HBO promocionó a lo grande esta producción en unas fechas en que Chernobyl, de esta misma plataforma, fue la gran protagonista. Todo han sido elogios a esta ma­gistral serie sobre el accidente nuclear que marcó el fi­nal de la Unión Soviética. HBO recuperaba el prestigio que desde hace meses parecía instalado en Netflix gracias a la distribución de una de las mejores películas del si­glo XXI: Roma, de Alfonso Cuarón. En medio de esta in­teresante batalla, la serie sobre Jesús Gil ha ocupado un lugar mucho más discreto pero importante desde el pun­to de vista estratégico. Netflix llevaba logrando mucha repercusión en el terreno de las docuseries sobre su­cesos: las dos temporadas de Making a murderer, La de­saparición de Madeleine McCann o El caso Alcásser. Mien­tras tanto HBO aún no había conseguido reeditar la ex­celencia lograda en The Jinx en 2015. Finalmente, El pio­nero no ha logrado colmar las expectativas que había ge­nerado, pero sí obtuvo un valioso protagonismo veraniego en redes y medios de comunicación.

La gran ventaja de este documental es que el prota­go­nista es impagable. No se entiende Telecinco y la te­le­basura sin Gil y su famoso programa rodado desde su ja­cuzzi particular (Las noches de tal y tal). No fue ni mu­cho menos su única aparición en televisión, pero fue uno de sus momentos estelares junto con la famosa subida de escalera en la sede de la Liga de Fútbol Profesional con Caneda y Fidalgo como compañeros de espectáculo.

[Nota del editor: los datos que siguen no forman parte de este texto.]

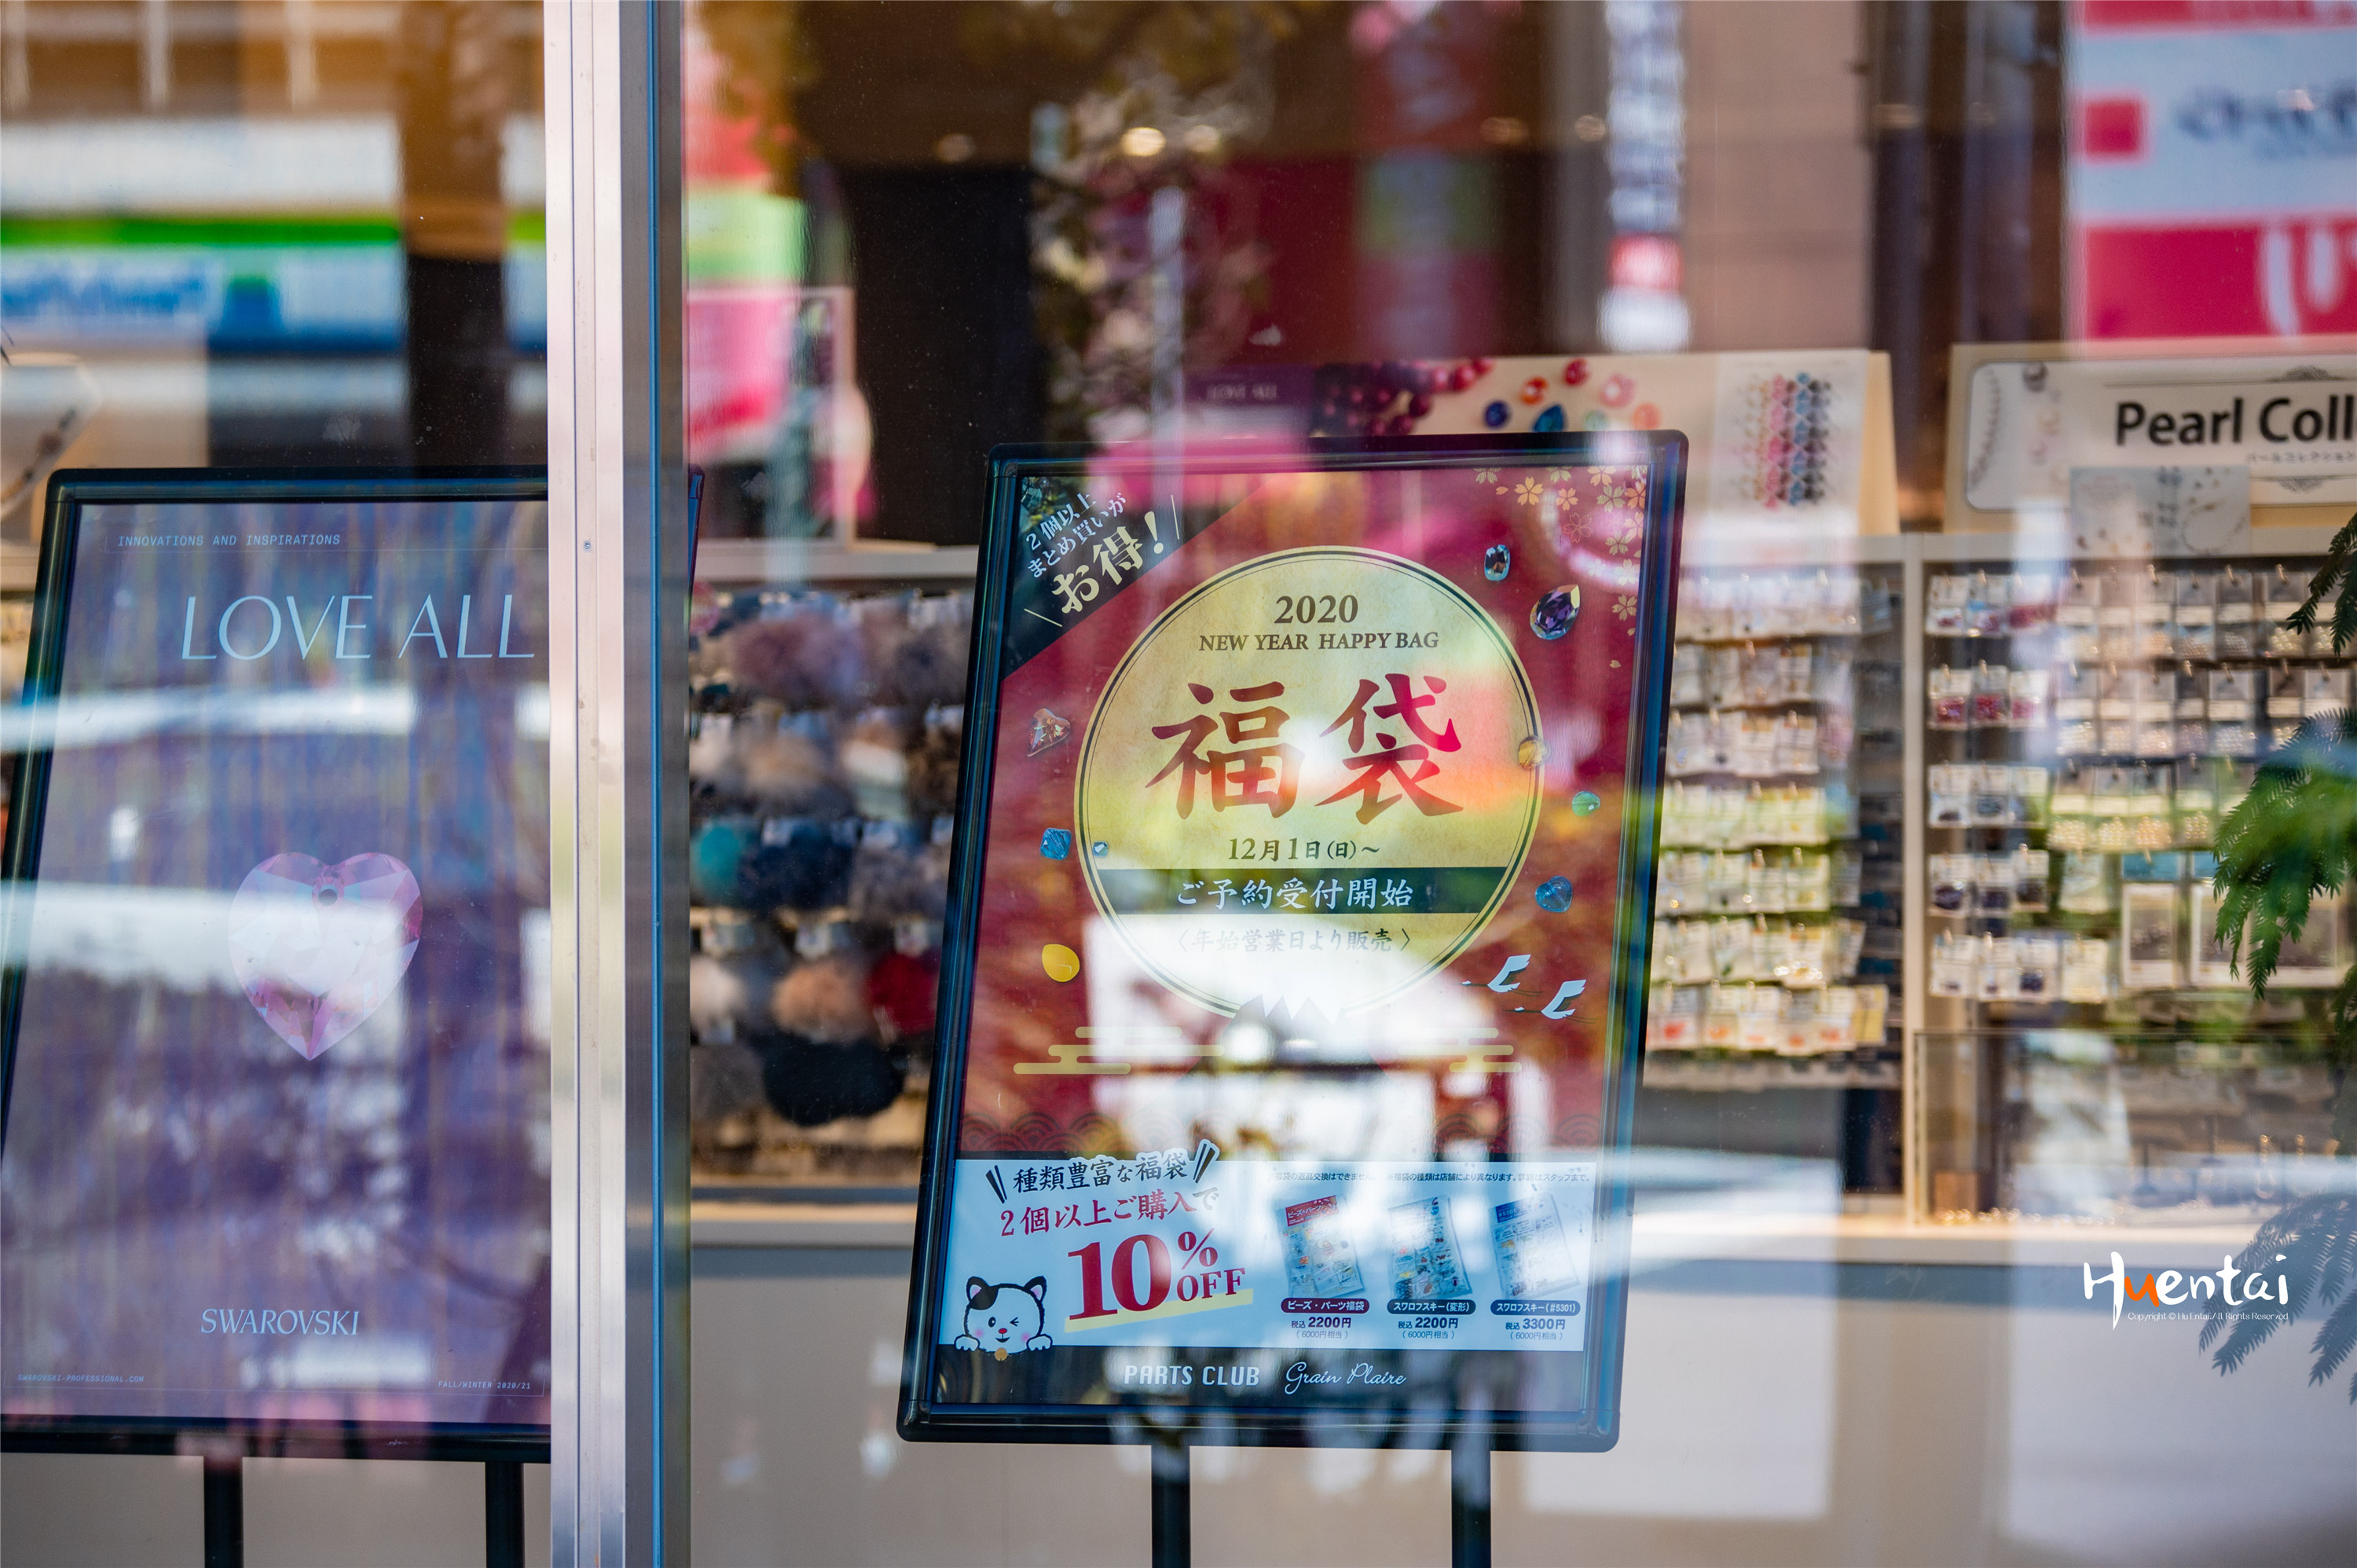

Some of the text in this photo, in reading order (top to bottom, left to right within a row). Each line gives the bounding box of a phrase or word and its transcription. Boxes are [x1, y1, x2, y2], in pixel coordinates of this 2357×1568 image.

El director de El pionero es Enrich Bach, que ya había rea­lizado el documental Un domingo en Brazzaville para TV3 en 2011. Su gran mérito es contar con la participación de los hijos de Jesús Gil y Enrique Cerezo, actuales man­datarios del Atlético de Madrid e imputados en su día en casos de corrupción urbanística en Marbella, que tam­bién estaban relacionados con las famosas camisetas del equipo rojiblanco. Sus intervenciones son lo más in­te­resante de esta docuserie, ya que es la primera vez que hablan con tanto detalle de Jesús Gil y aquellas acusaciones. La claridad con la que hablan de él sin dejar de re­conocer los indiscutibles errores en su modo de gestio­nar el club y la alcaldía es muy valiosa. Sin embargo, la base documental se queda muy corta porque apenas avan­za en nuevas direcciones en cuatro capítulos muy su­perficiales. Aunque el contenido es interesante siempre se tiene la sensación de que se ha desaprovechado un grandísimo personaje que requería más audacia y humor en la edición, y una investigación más a fondo que acla­rase los rocambolescos casos de corrupción.

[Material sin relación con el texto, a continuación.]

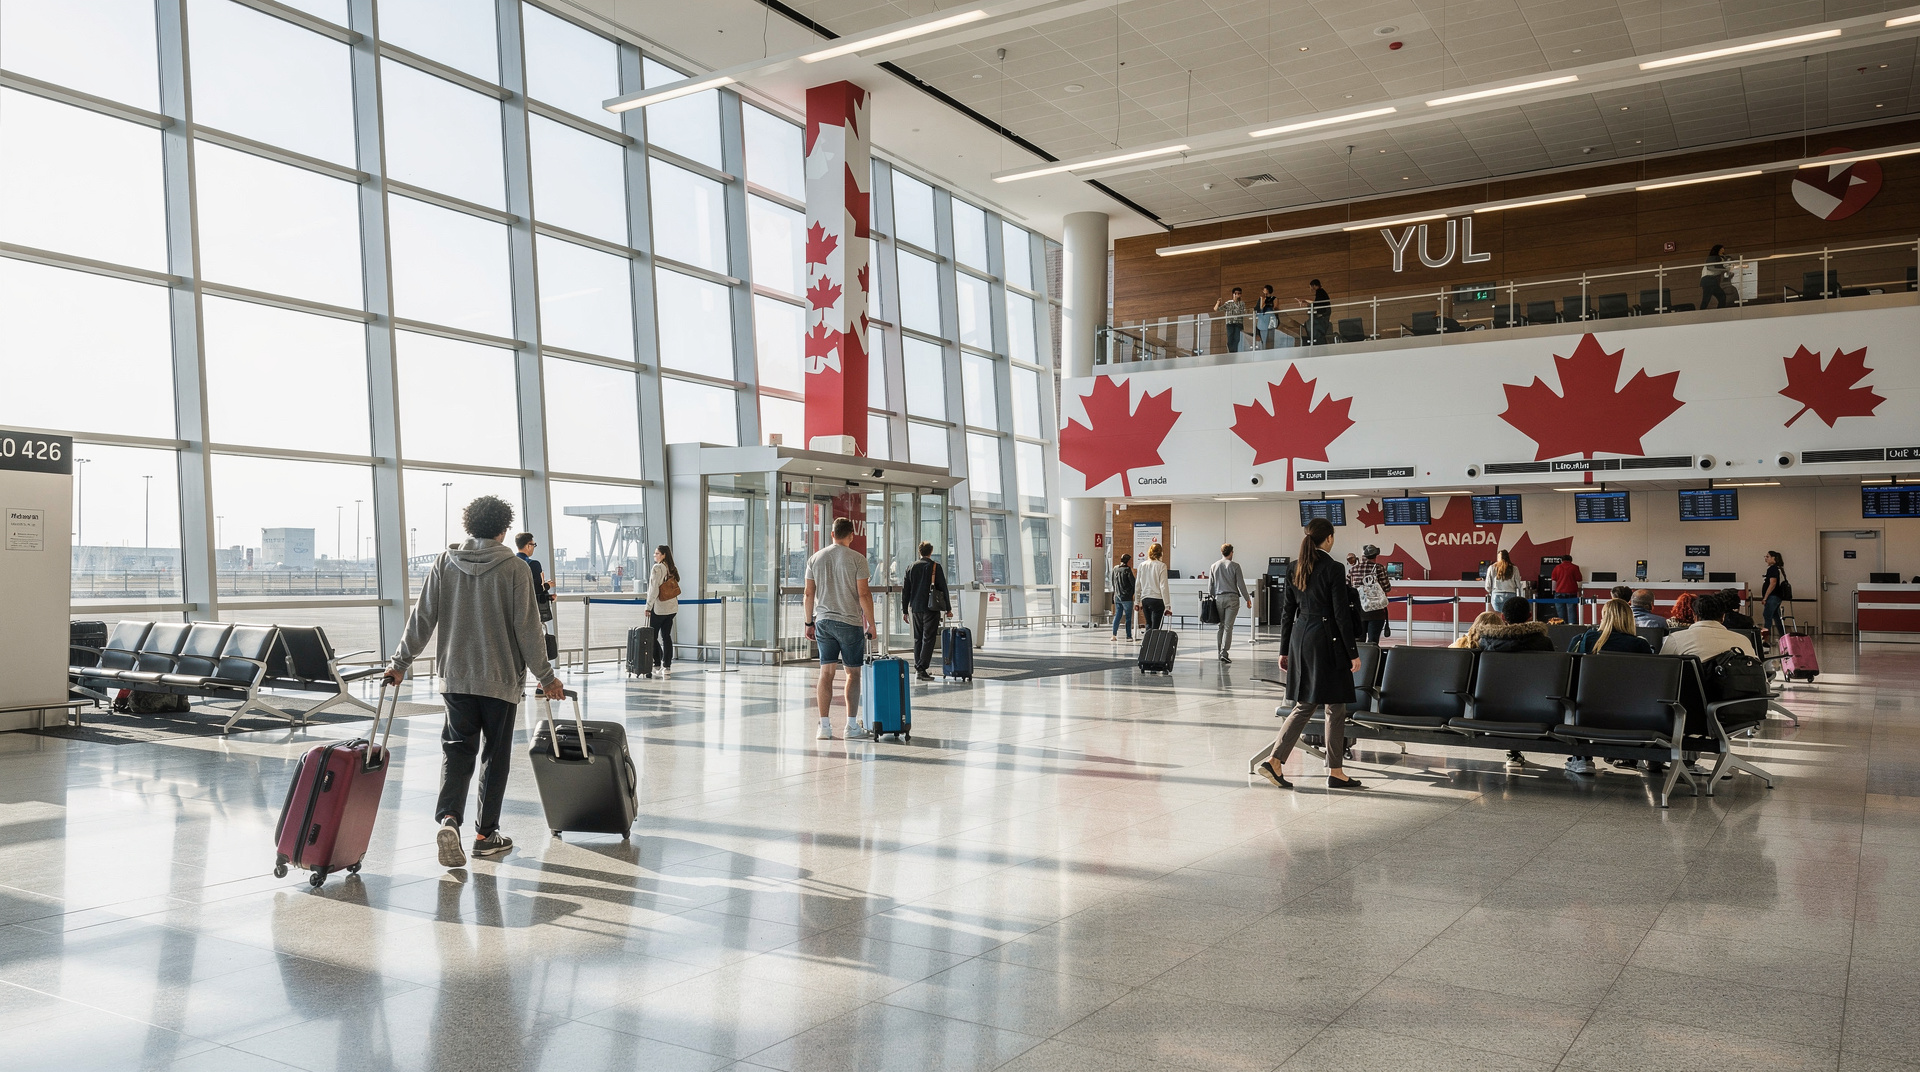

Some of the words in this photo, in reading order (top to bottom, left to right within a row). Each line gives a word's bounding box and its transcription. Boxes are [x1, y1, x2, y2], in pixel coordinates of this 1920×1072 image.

[1380, 216, 1491, 272] YUL
[21, 440, 61, 461] 426
[1138, 476, 1167, 485] Canada
[1424, 531, 1497, 546] CANADA

Ni siquiera el doblete del Atlético de Madrid, Liga y Co­pa en el año 1996, queda reflejado como merece en El pionero a pe­sar de que generó imágenes imborrables: la famosa ca­balgata con elefantes, el momento en que Jesús Gil, en un estado más que dudoso, acabó empapado en sudor can­tando con Azúcar Moreno mientras el Calderón se caía de emoción, etc. Tampoco los personajes de Julián Mu­ñoz e Isabel Pantoja -otros que daban para una temporada completa- aparecen reflejados como merecerían. No era necesario hacer más telebasura sobre ellos (ya he­mos tenido toneladas), pero tampoco se puede pasar por encima como si apenas hubiesen tenido relevancia.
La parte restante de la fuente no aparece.